Robert dismisses college and traditional schooling. Rich individuals learn by doing or living, while educated people are agitated and destitute, says Robert.
Rich dad says:
“All too often business schools train employees to become sophisticated bean-counters. Heaven forbid a bean counter takes over a business. All they do is look at the numbers, fire people, and kill the business.”
And then says:
“Accounting is possibly the most confusing, boring subject in the world, but if you want to be rich long-term, it could be the most important subject.”
Get rich by avoiding paying your debts to others.
While this book has plenty of bad advice, I'll end with this: Robert advocates paying yourself first. This man's work with Trump isn't surprising.
Rich Dad's book says:
“So you see, after paying myself, the pressure to pay my taxes and the other creditors is so great that it forces me to seek other forms of income. The pressure to pay becomes my motivation. I’ve worked extra jobs, started other companies, traded in the stock market, anything just to make sure those guys don’t start yelling at me […] If I had paid myself last, I would have felt no pressure, but I’d be broke.“
Paying yourself first shouldn't mean ignoring debt, damaging your credit score and reputation, or paying unneeded fees and interest. Good business owners pay employees, creditors, and other costs first. You can pay yourself after everyone else.

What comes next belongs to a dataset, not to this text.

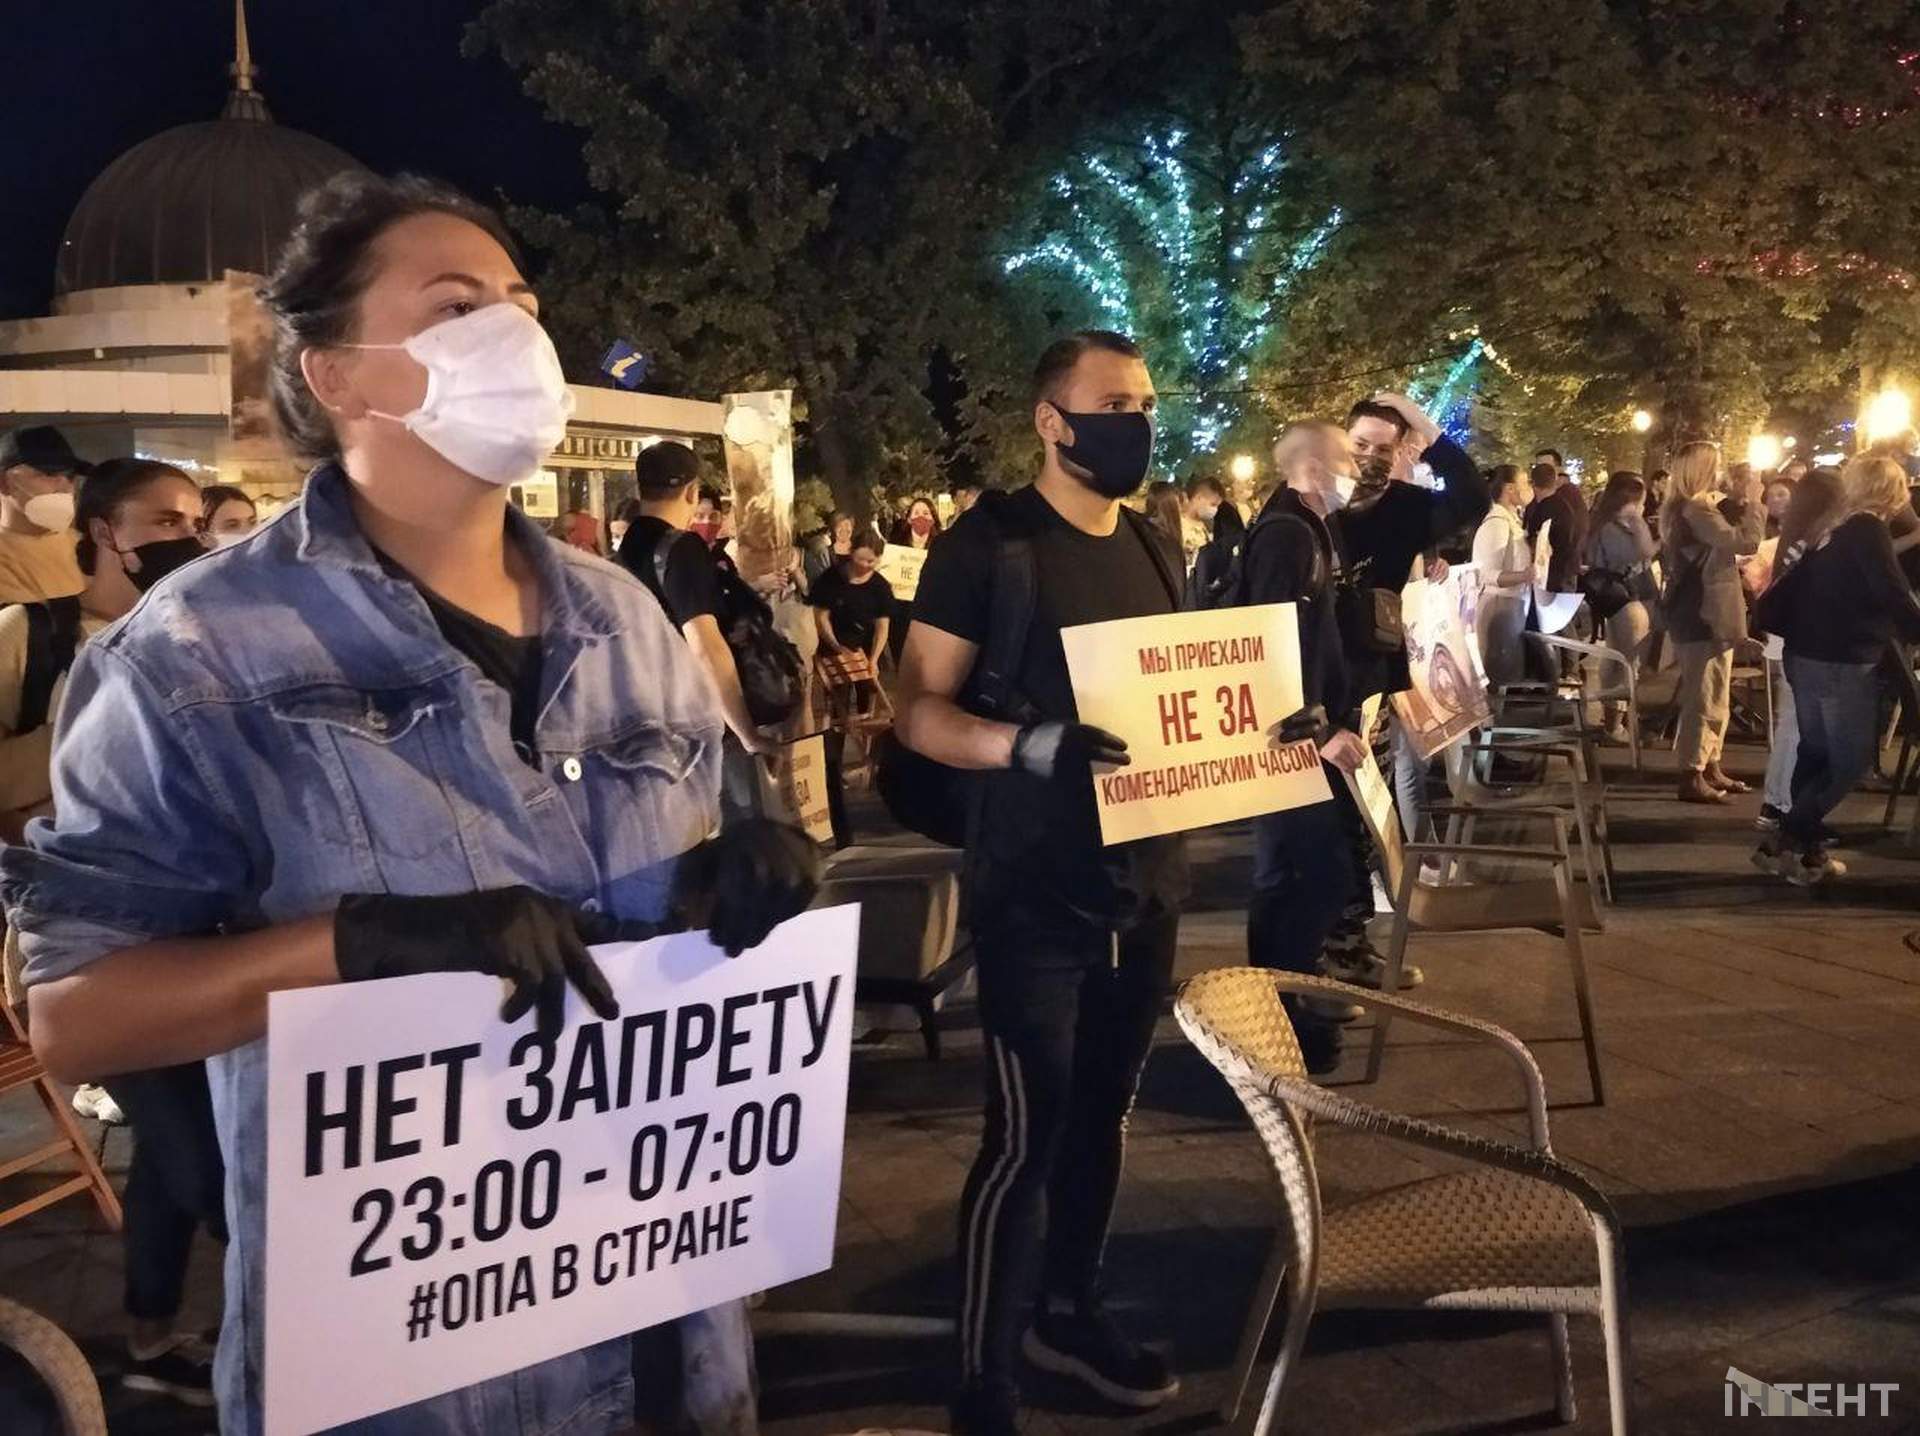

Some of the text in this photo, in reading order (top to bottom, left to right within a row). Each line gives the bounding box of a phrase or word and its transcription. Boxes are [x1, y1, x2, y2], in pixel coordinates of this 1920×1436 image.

If you follow Robert Kiyosaki's financial and business advice, you might as well follow Donald Trump's, the most notoriously ineffective businessman and swindle artist.
This book's popularity is unfortunate. Robert utilized the book's fame to promote paid seminars. At these seminars, he sold more expensive seminars to the gullible. This strategy was utilized by several conmen and Trump University.
It's reasonable that many believed him. It sounded appealing because he was pushing to get rich by thinking like a rich person. Anyway. At a time when most persons addressing wealth development advised early sacrifices (such as eschewing luxury or buying expensive properties), Robert told people to act affluent now and utilize other people's money to construct their fantasy lifestyle. It's exciting and fast.
I often voice my skepticism and scorn for internet gurus now that social media and platforms like Medium make it easier to promote them. Robert Kiyosaki was a guru. Many people still preach his stuff because he was so good at pushing it.